As they were walking back to the Church door, Seamus asked what he’d thought of the service.

‘Very interesting,’ replied Moishe, ‘in fact I’ve a few questions for your priest.’

They approach Father O’Connor, and Moishe asks his first question.

‘Tell me, that Jesus Christ. Wasn’t he a Jew?’

‘Why, yes, most certainly he was.’

‘And all those disciples, weren’t they Jews too?’

‘Yes, indeed, good God-fearing Jews, every one of them.’

Moishe shakes his head. ‘You mean we started this business? How on Earth did we let it slip from our control?’

To this day there are Christians who would deny that the religion is a business at all. Some point to the tale of Christ driving the moneylenders from the temple. But Christianity has evolved down the ages, and the mainstream has long known that there are certain naive aspects of the early Church that need a more sophisticated rationality, to help interpret them and accommodate them to reality.

These days the moneylenders don’t ply their trade in the temple. They basically own it.

Some years ago we went to St Peter’s in Rome. The entry charge made no concession to understatement. As we approached the door, we discovered that the men in the group, dressed in shorts on a baking hot Italian summer’s day, were going to have invest another fine sum in disposable plastic trousers, just to cover our knees.

Oh, yes. There was a good commercial brain behind that gig.

Yesterday, we visited the Blue Mosque in Istanbul. In passing, let me say that for sheer lofty beauty and an atmosphere of contemplative tranquility, I’ve never seen anywhere to surpass it.

As we approached the door, I pulled out my wallet ready to pay the undoubtedly steep entrance fee. And then I saw the sign: women would have to wrap themselves in skirts, available at the door, if their knees were showing, and the Mosque also provided headscarves to cover their hair. I checked to make sure I could cover this additional expenditure too.
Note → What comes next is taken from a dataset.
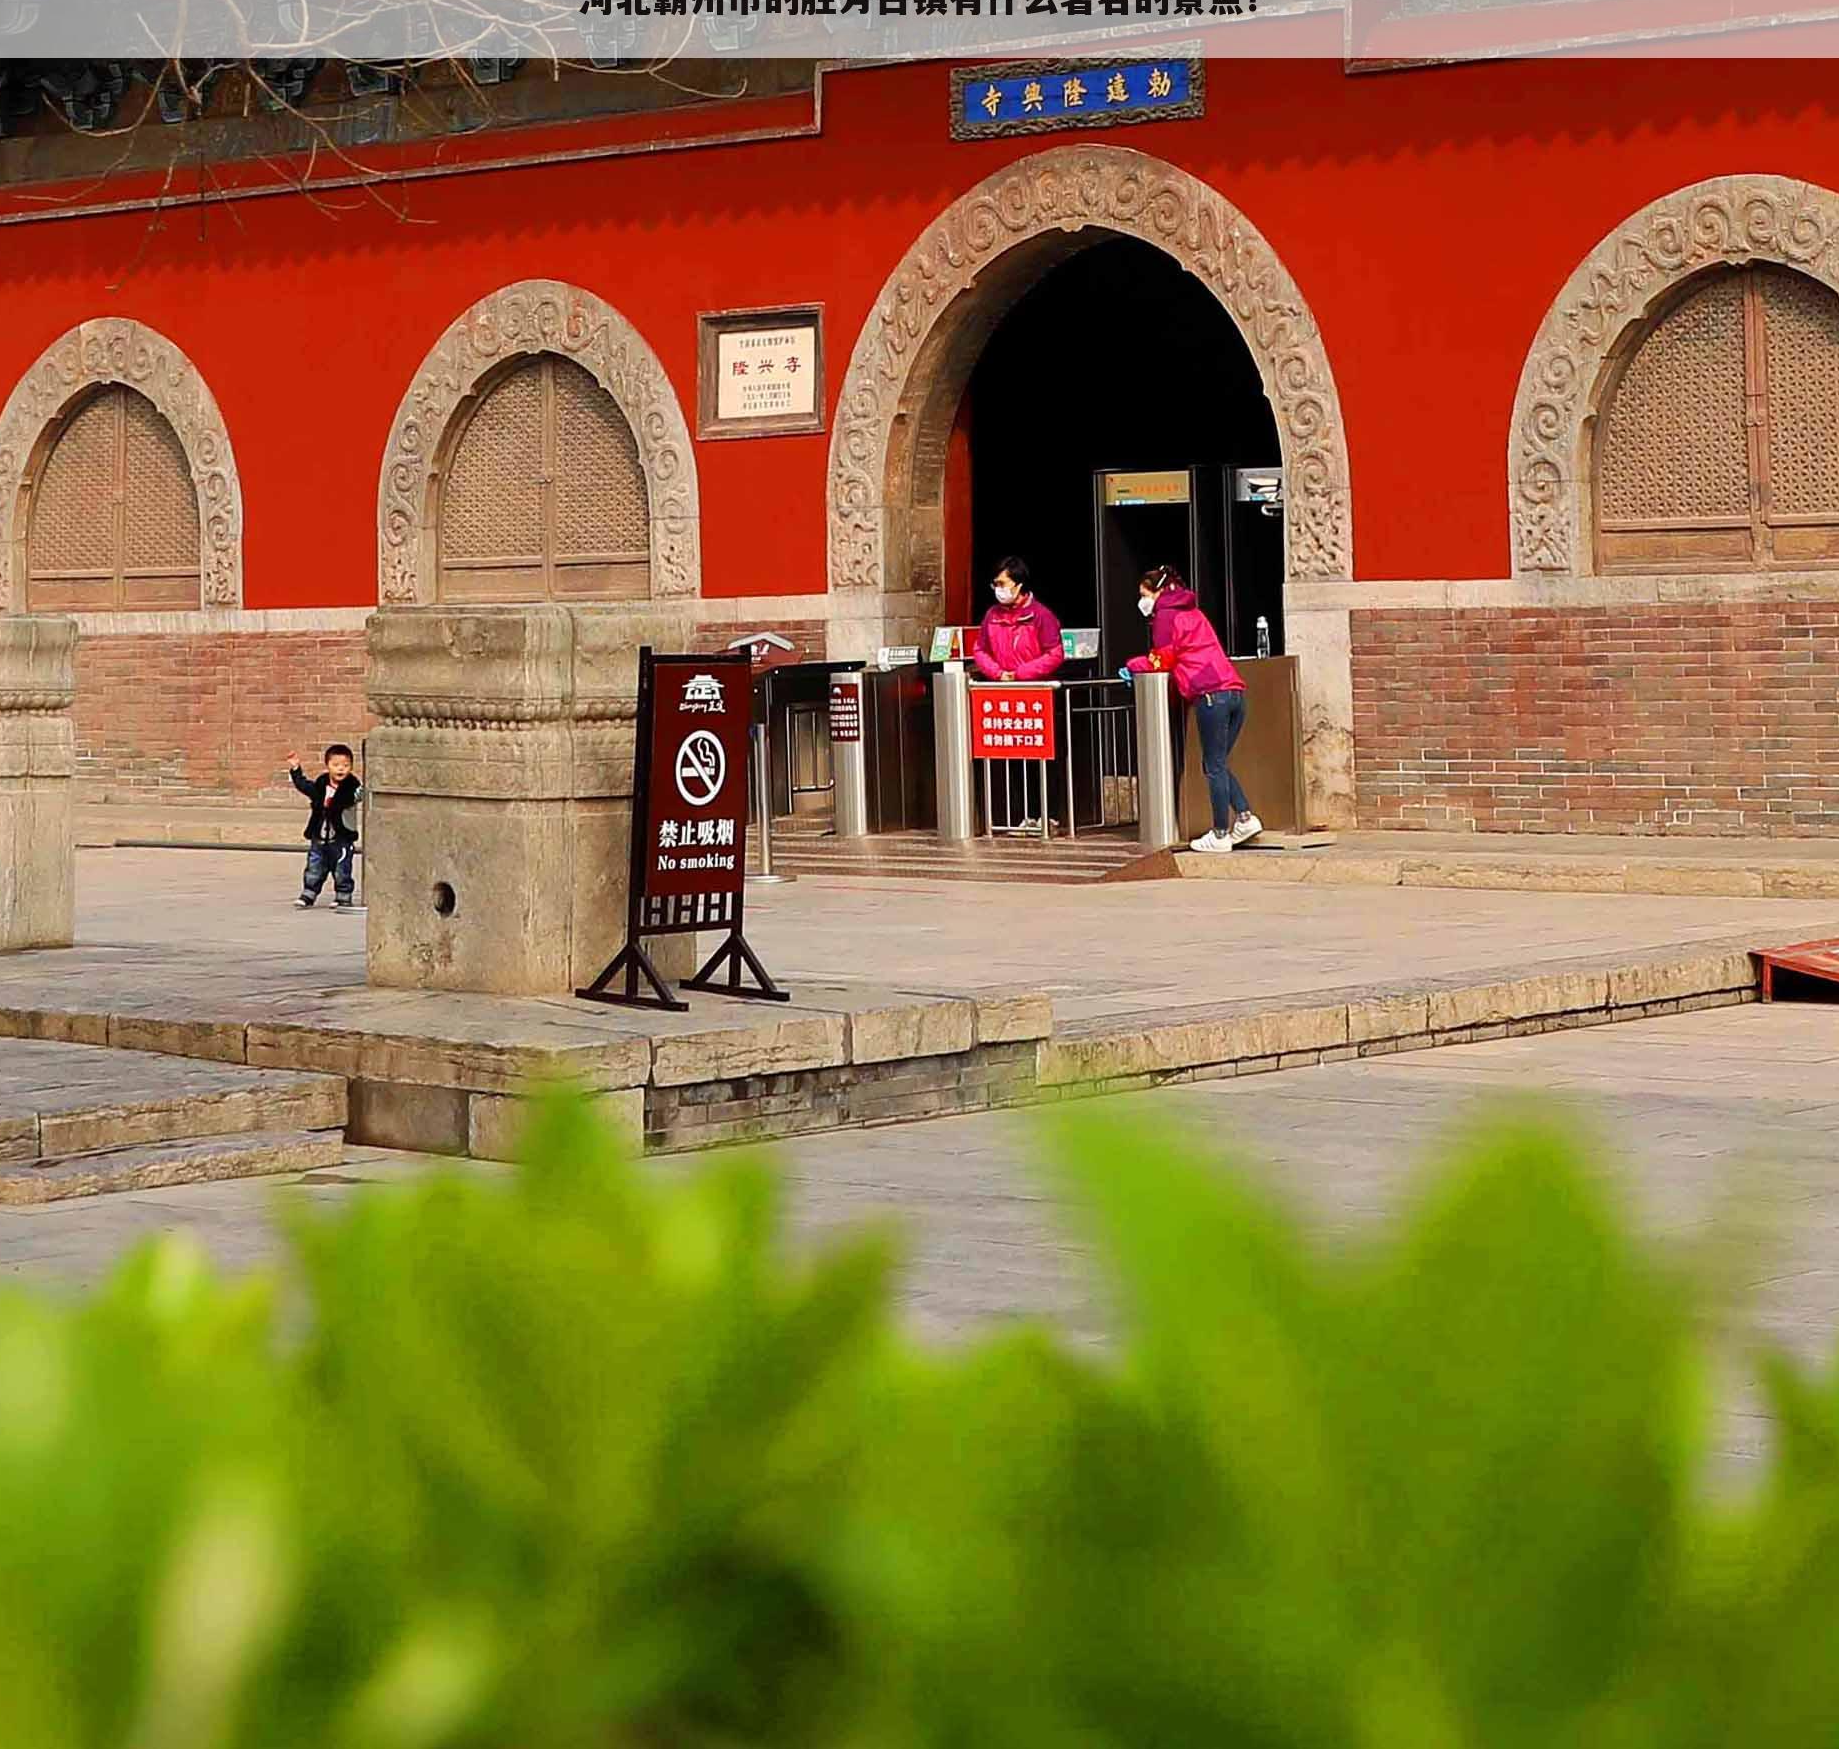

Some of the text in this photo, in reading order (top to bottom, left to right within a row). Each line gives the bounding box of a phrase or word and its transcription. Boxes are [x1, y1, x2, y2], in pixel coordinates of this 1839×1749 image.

[659, 819, 734, 848] 禁止吸烟
[657, 853, 735, 871] No smoking
And then — imagine my delight when I discovered that entrance was free (we were asked to make a donation on leaving, but without compulsion, and many visitors made none). I was also pleasantly surprised to learn that the over-skirts were being provided free of charge. And the staff on the door were welcoming women visitors with a smile and telling them that if they chose not to wear a headscarf, they didn’t have to.
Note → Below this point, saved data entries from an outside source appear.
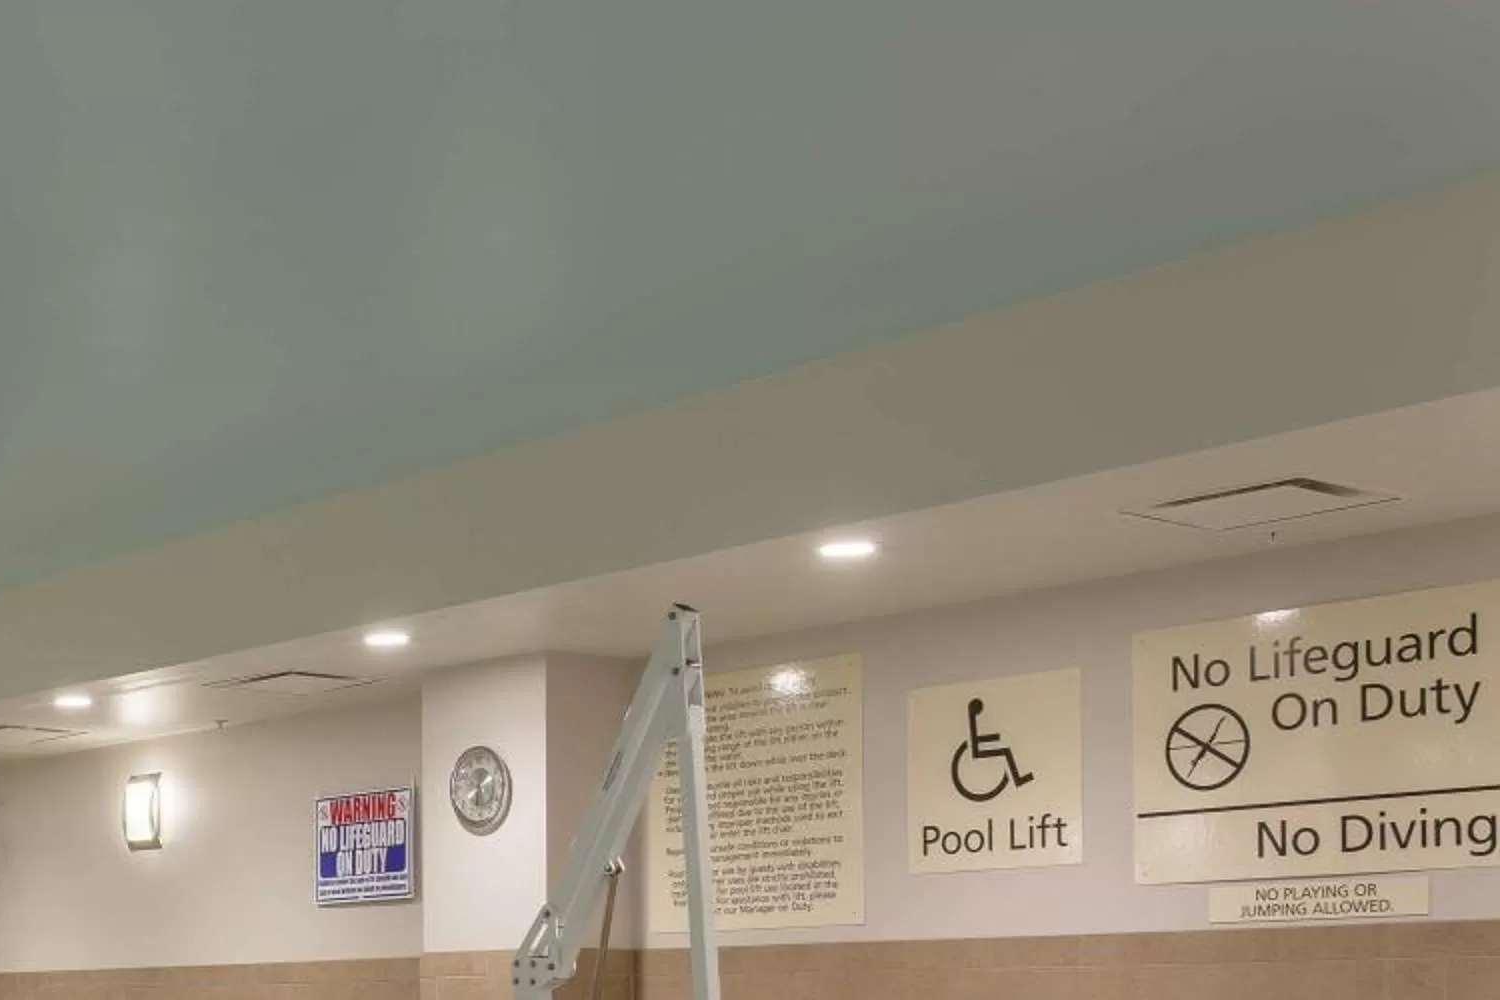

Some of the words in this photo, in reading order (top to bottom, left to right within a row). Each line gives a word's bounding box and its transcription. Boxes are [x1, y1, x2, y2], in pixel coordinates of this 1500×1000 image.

[1172, 653, 1231, 692] No
[1250, 612, 1479, 682] Lifeguard
[1272, 693, 1338, 730] On
[1360, 677, 1481, 724] Duty
[329, 793, 396, 825] WARNING
[321, 826, 338, 852] NO
[340, 819, 405, 851] LIFEGUARD
[923, 818, 993, 857] Pool
[1009, 813, 1068, 850] Lift
[1257, 819, 1320, 858] No
[1340, 808, 1497, 857] Diving
[336, 848, 353, 877] ON
[355, 846, 388, 875] DUTY
[1241, 902, 1307, 918] JUMPING
[1313, 899, 1394, 915] ALLOWED.
[1255, 887, 1279, 902] NO
[1284, 884, 1350, 900] PLAYING
[1354, 883, 1378, 897] OR
Ah, yes. Islam has a lot to learn from Christianity. And Christians have a lot to teach it. But I’m in no hurry to see the lessons delivered or received.



The Blue Mosque looming majestically over our hotel
In Suleyman the Magnificent's Mosque,
Breda and Danielle show they can be respectful
And Danielle can even blend in


Postscript

There are certain drinks I can't abide outside their original environment. Guinness is a drink which I wouldn't normally touch if you paid me, but when I was in Dublin a few years ago, I drank it every evening.
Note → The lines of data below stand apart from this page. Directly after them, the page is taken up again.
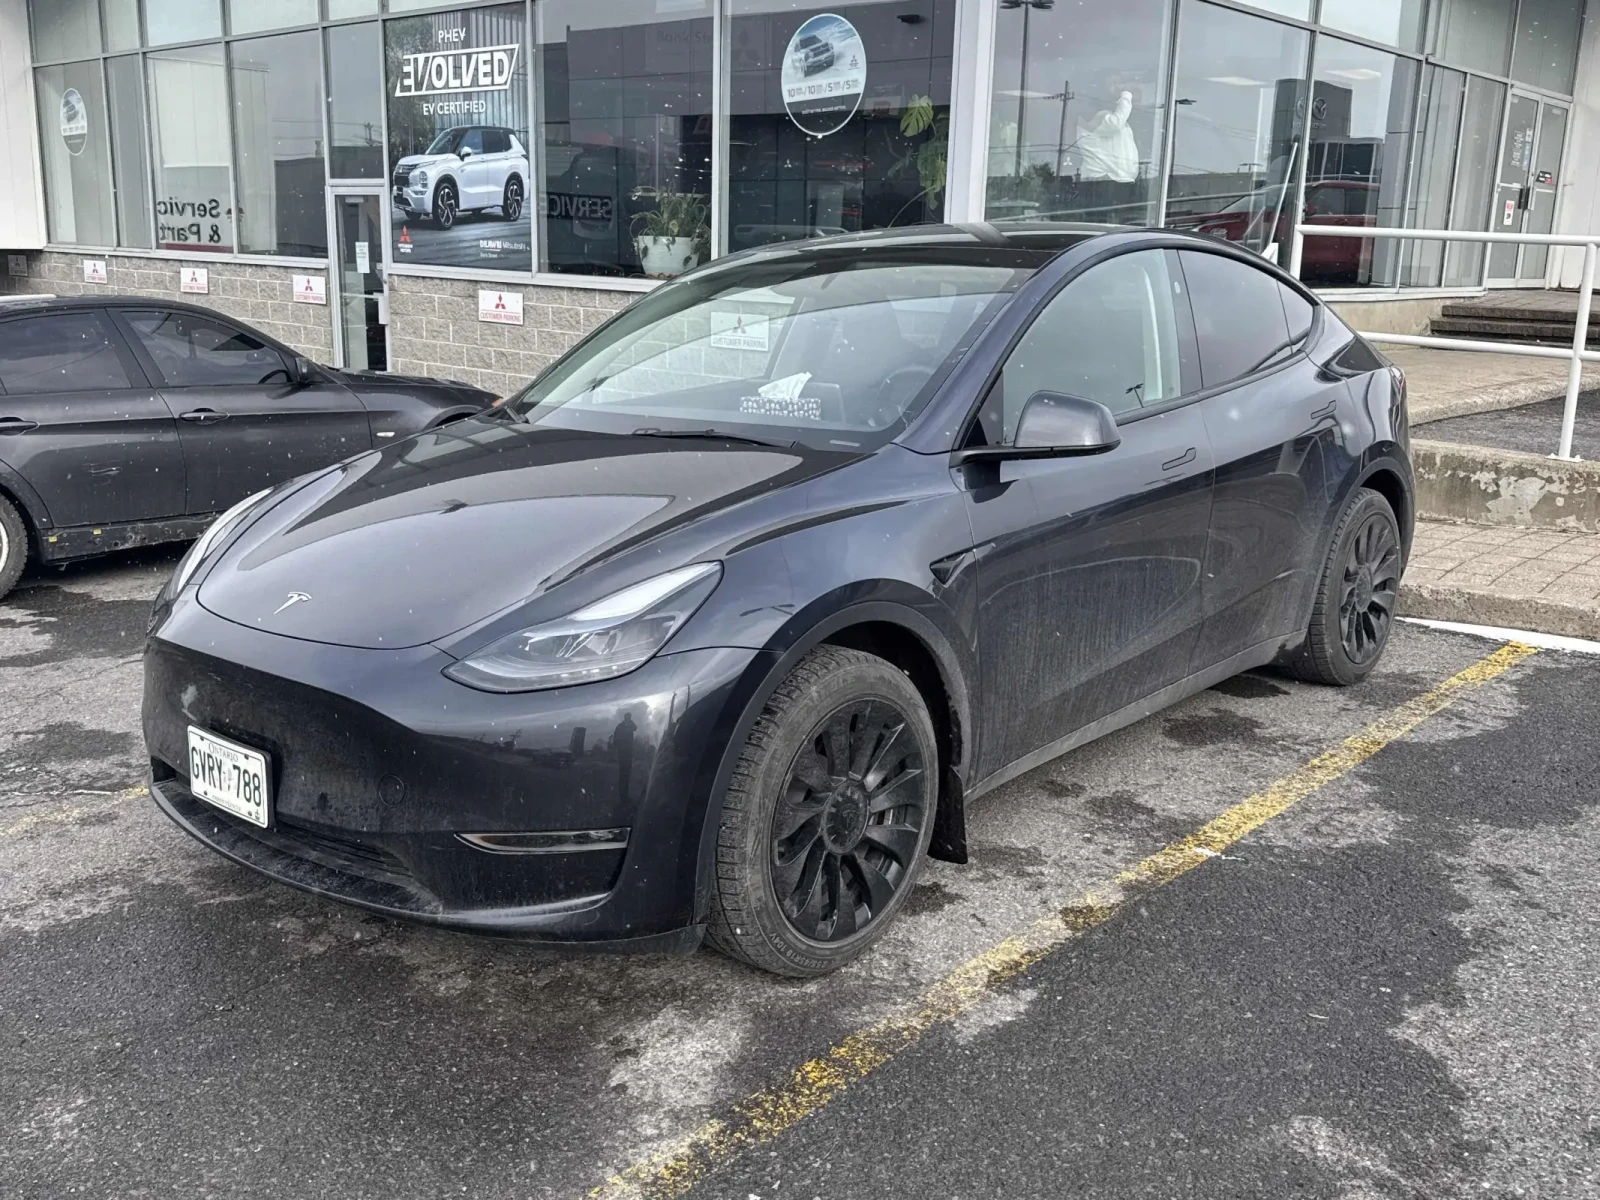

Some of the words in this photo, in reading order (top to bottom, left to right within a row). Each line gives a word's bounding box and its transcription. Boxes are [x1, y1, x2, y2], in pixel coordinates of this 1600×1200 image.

[438, 27, 466, 43] PHEV
[401, 50, 511, 93] EVOLVED
[423, 103, 435, 116] EV
[436, 100, 486, 115] CERTIFIED
[208, 742, 239, 763] ONTARIO
[191, 746, 223, 791] GVRY
[232, 764, 262, 808] 788
Similarly, while in Istanbul, I've developed a strange predilection for Turkish coffee, which I've not felt anywhere else. Still, in one restaurant at least, it seemed the only safe option: an advertising poster rather suggested that they had no idea how to navigate the vagaries of the Western European varieties.

If you advertise cappuccino with an illustration of long espressos,
just what can you be trusted to serve up?